Simon_Gabyshev · February 25, 2021, 11:09am

Hello!

As a small business, we were planning to move to Fauna DB and stumbled upon an authorization problem.

First I was planning to use 3rd party identity providers like Auth0 or AWS Cognito but at the moment we can’t afford a Team plan in order to have that feature. Luckily Fauna has their own Authorization functionality. We are planning to use that for web and mobile app, looks doable.

The current database is MySQL on WordPress. We are okay to reset passwords when we will announce the total redesign of our website. I don’t see any other way to seamlessly move users to the new platform. Maybe I missed something, would like to hear your opinions.

Eventually, if we will want to step up to the Team Plan and plug in a 3rd party identity provider do we need to reset passwords again?

databrecht · February 25, 2021, 3:49pm

I don’t see another way tbh, maybe someone else can chime in. In theory if you can decrypt the passwords in your MySQL database then you can feed them into Fauna but in many production systems we are unable to decrypt the passwords for good reasons. In that case I don’t see another way then to reset the passwords and ask the user to fill it in.

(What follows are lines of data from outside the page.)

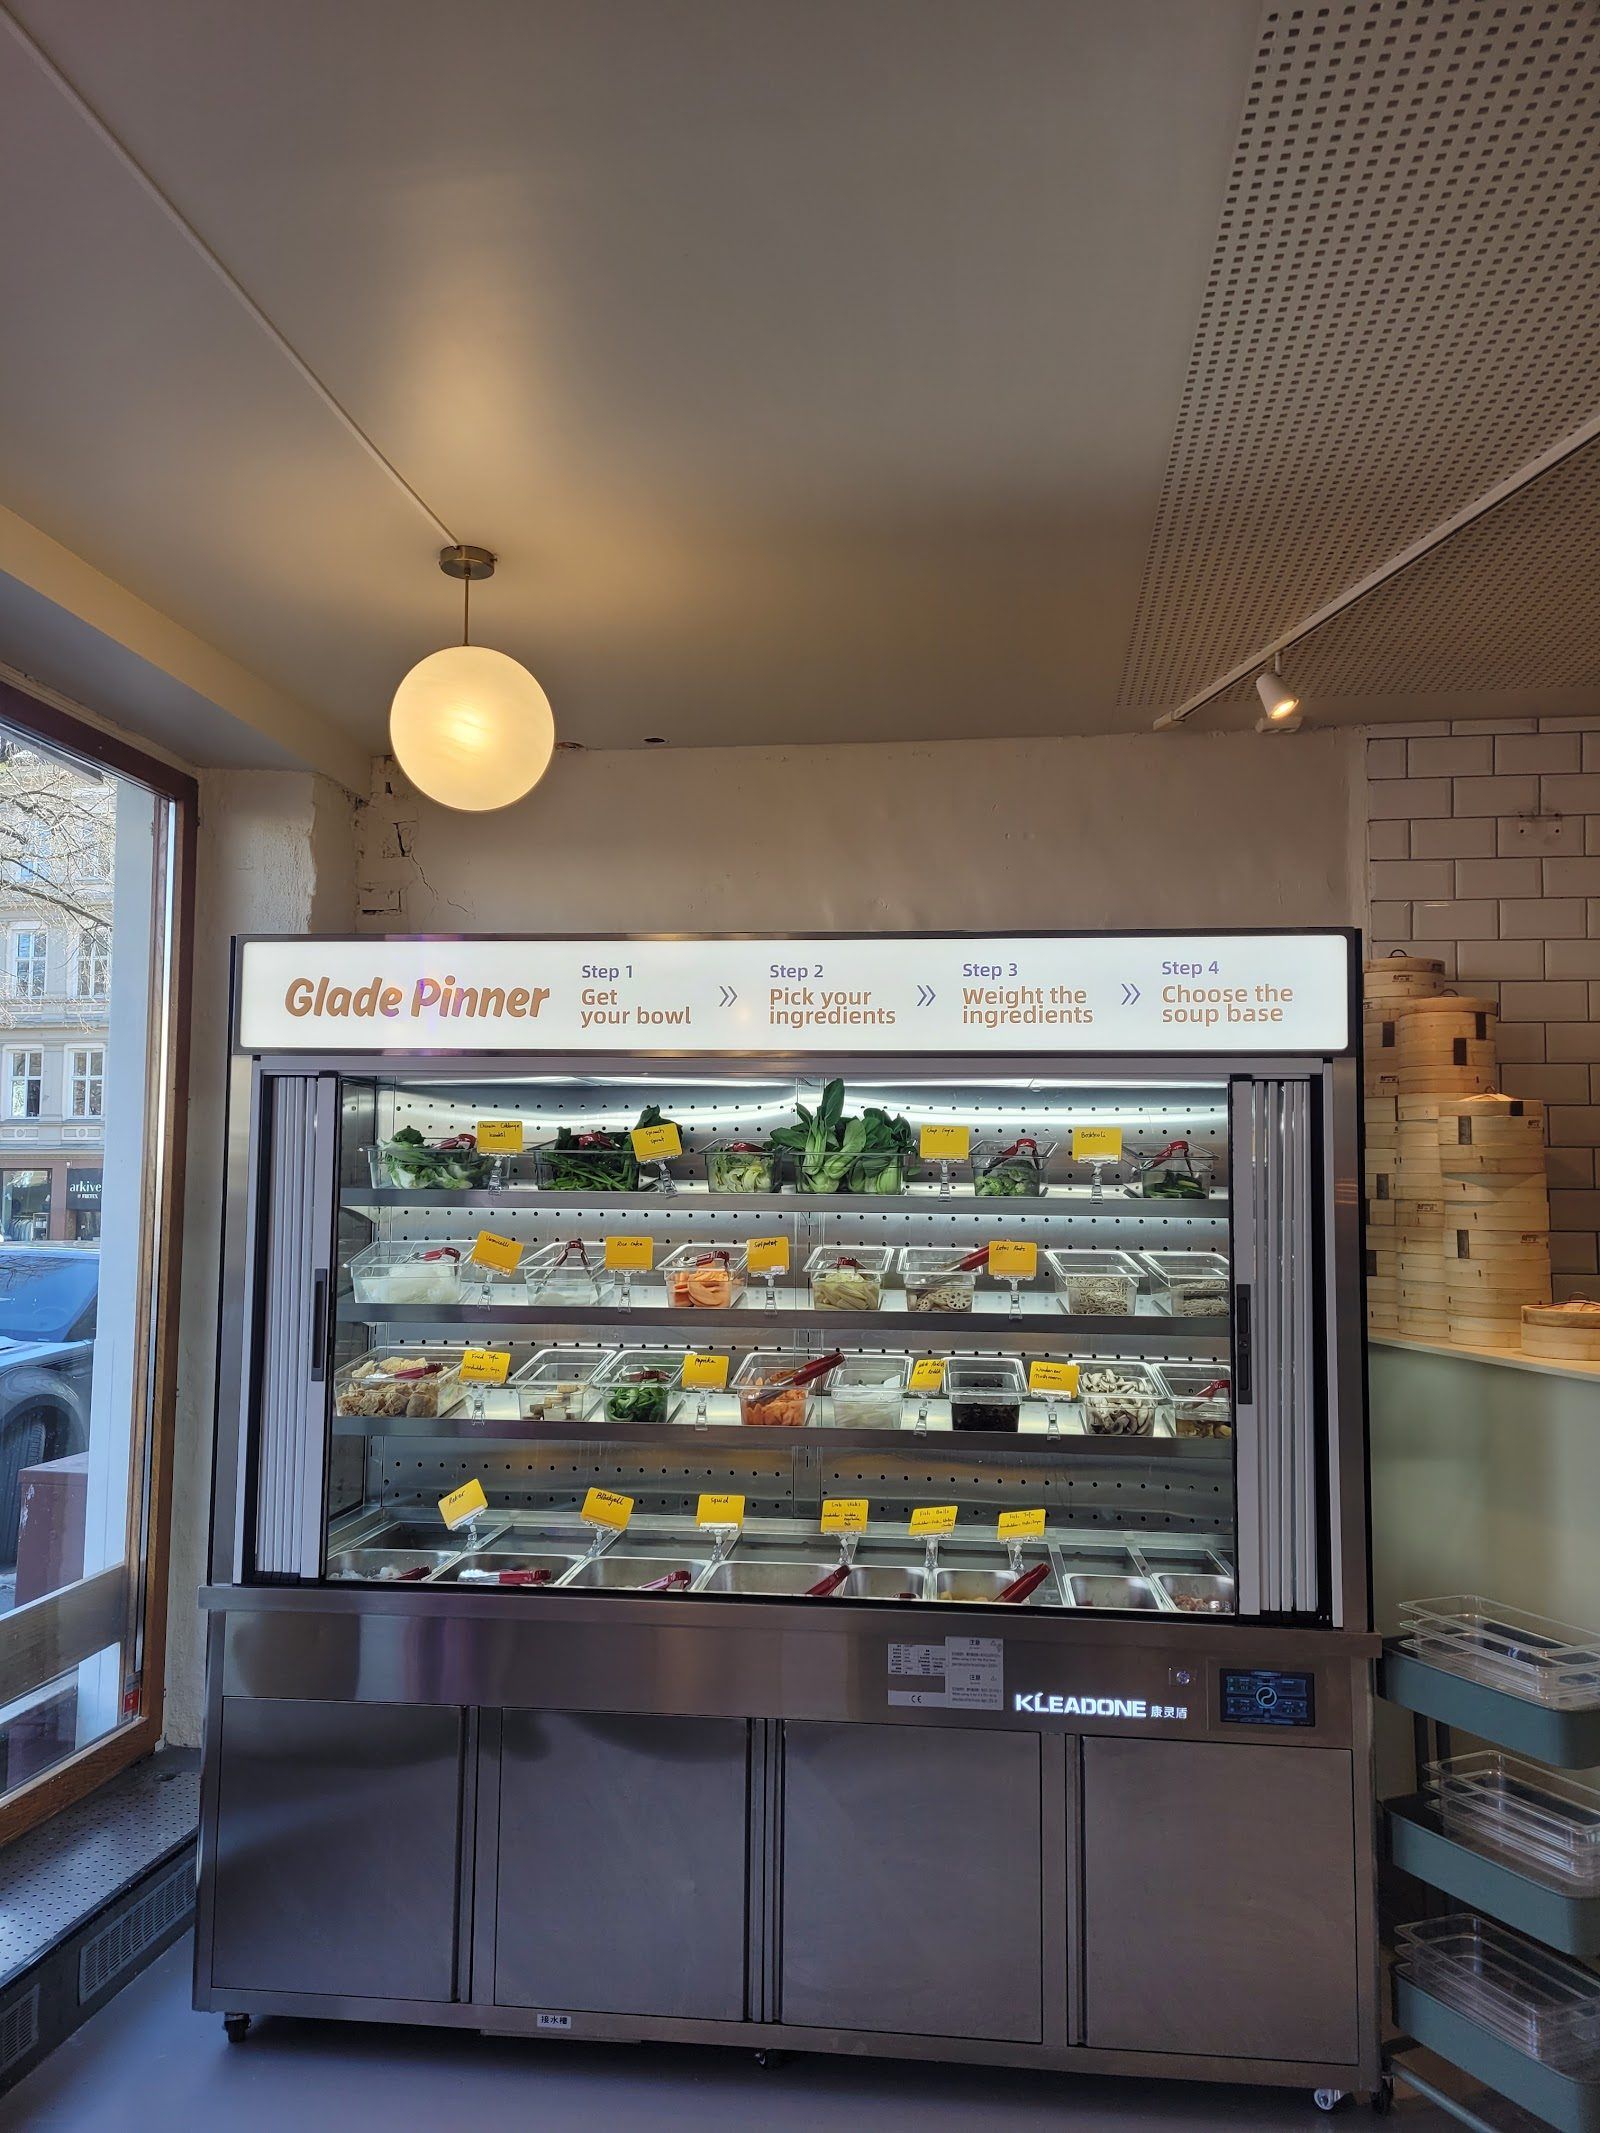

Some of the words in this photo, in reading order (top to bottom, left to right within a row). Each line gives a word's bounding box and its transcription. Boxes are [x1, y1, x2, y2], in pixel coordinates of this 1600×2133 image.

[581, 965, 619, 981] Step
[625, 965, 633, 979] 1
[770, 964, 808, 980] Step
[813, 964, 824, 978] 2
[963, 963, 1002, 979] Step
[1008, 963, 1018, 977] 3
[1161, 961, 1201, 978] Step
[1208, 961, 1220, 975] 4
[284, 976, 401, 1018] Glade
[410, 976, 551, 1018] Pinner
[581, 988, 618, 1006] Get
[770, 987, 814, 1005] Pick
[820, 991, 872, 1010] your
[963, 986, 1044, 1007] Weight
[1050, 986, 1087, 1004] the
[1162, 984, 1247, 1003] Choose
[1256, 983, 1293, 1002] the
[581, 1010, 631, 1029] your
[636, 1006, 692, 1025] bowl
[769, 1006, 896, 1028] ingredients
[963, 1005, 1094, 1028] ingredients
[1162, 1007, 1220, 1027] soup
[1226, 1003, 1284, 1022] base
[70, 1180, 102, 1192] arkive
[1015, 1692, 1147, 1717] KLEADONE

In that case, Fauna is not storing your users but Auth0 is. Which means that you indeed have to go through it again. In Fauna a password can not be retrieved. If you are confident that you can store them securely and find a way that makes sense to decrypt them you could opt to store them externally and verify the password outside of Fauna in this intermediate phase to ensure that you can easily switch to Auth0 afterwards (you can still make tokens directly after verifying the password instead of using Login()). In that case you are responsible for storing the passwords securely and verifying the passwords upon login.

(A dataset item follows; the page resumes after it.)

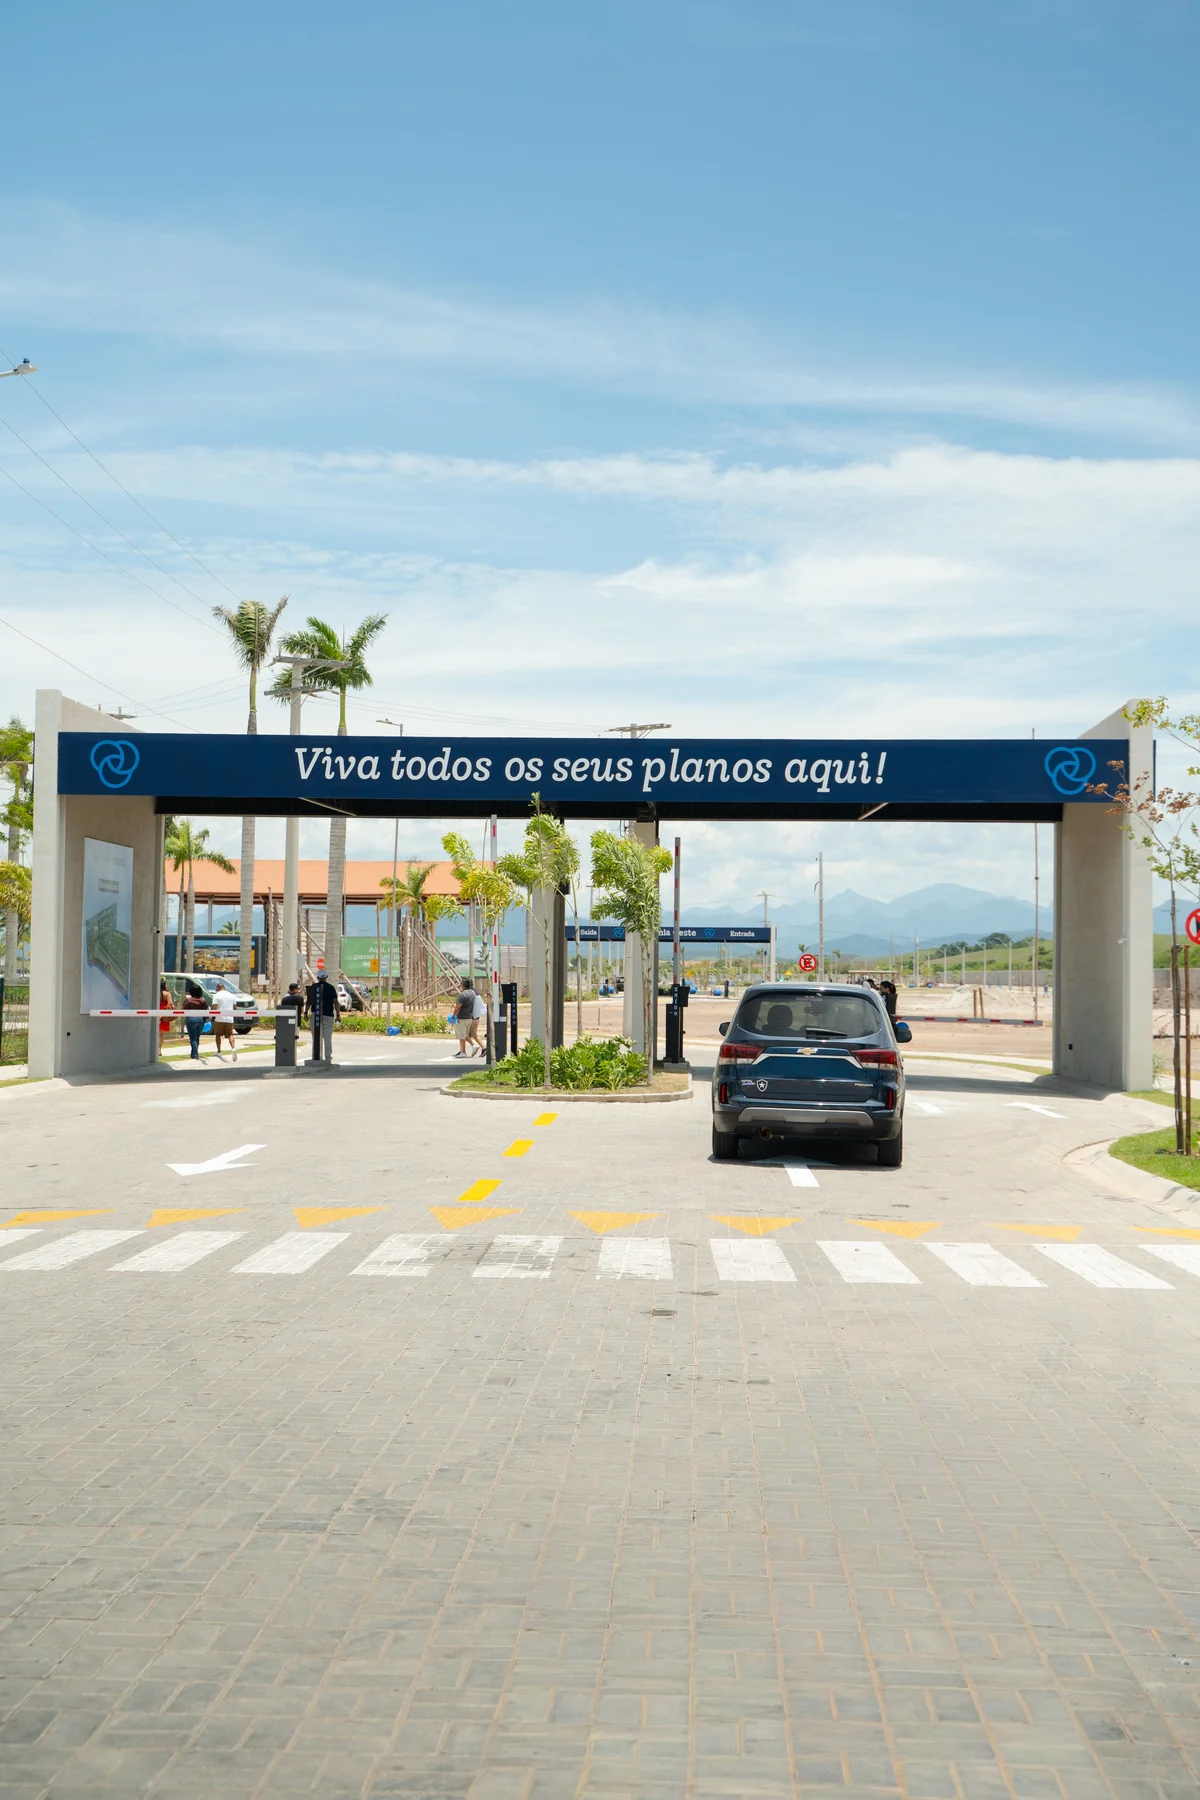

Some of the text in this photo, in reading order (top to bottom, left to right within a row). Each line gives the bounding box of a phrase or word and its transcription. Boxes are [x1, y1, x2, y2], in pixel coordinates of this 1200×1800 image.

[295, 747, 887, 793] Viva todos os seus planos aqui!
[672, 929, 697, 937] este

Non ideal workaround 1: I don’t think you can get around the password reset but when moving to third-party auth, you could present it to users in a way that provides them benefit. In essence, you have legacy-auth users and third-party-auth users and give the user the choice to update when they would like to start using social sign on features in which case you redirect them through the password flow.

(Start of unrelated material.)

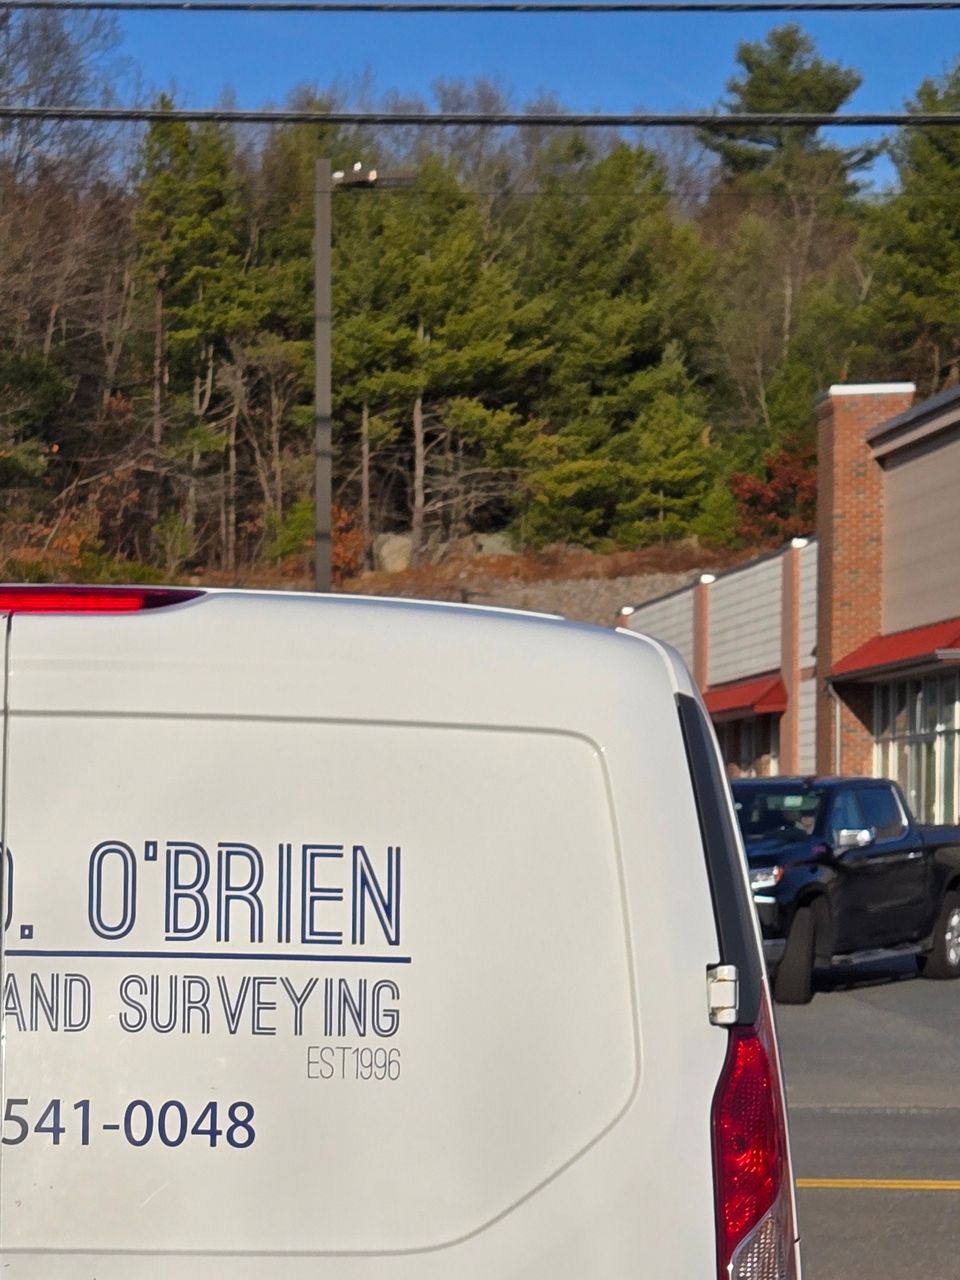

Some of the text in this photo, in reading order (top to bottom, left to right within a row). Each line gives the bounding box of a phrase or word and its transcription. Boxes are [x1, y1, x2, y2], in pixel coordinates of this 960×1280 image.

Non ideal workaround 2: When users log in, you have their password in the application itself. You could silently upgrade users once they log in in the legacy system.

Looking further, it seems that some services (such as Auth0) offer a way to import password hashes. I’m looking internally to options to make such a transition smoother in the future.

Simon_Gabyshev · February 26, 2021, 4:50am

Thanks a lot!

For those who are also looking for a solution for how to move users from WordPress to Fauna seamlessly, I think this might be a solution in case if you use choose AWS Cognito as an identity provider here.

databrecht · February 26, 2021, 6:07pm

We probably want to provide a hashed password import/export in the long run similar to what Auth0 seems to do (Bulk User Import Database Schema and Examples). I have opened an internal ticket with a feature request for that. Feel free to open a Feature request on the forum so users can vote on that.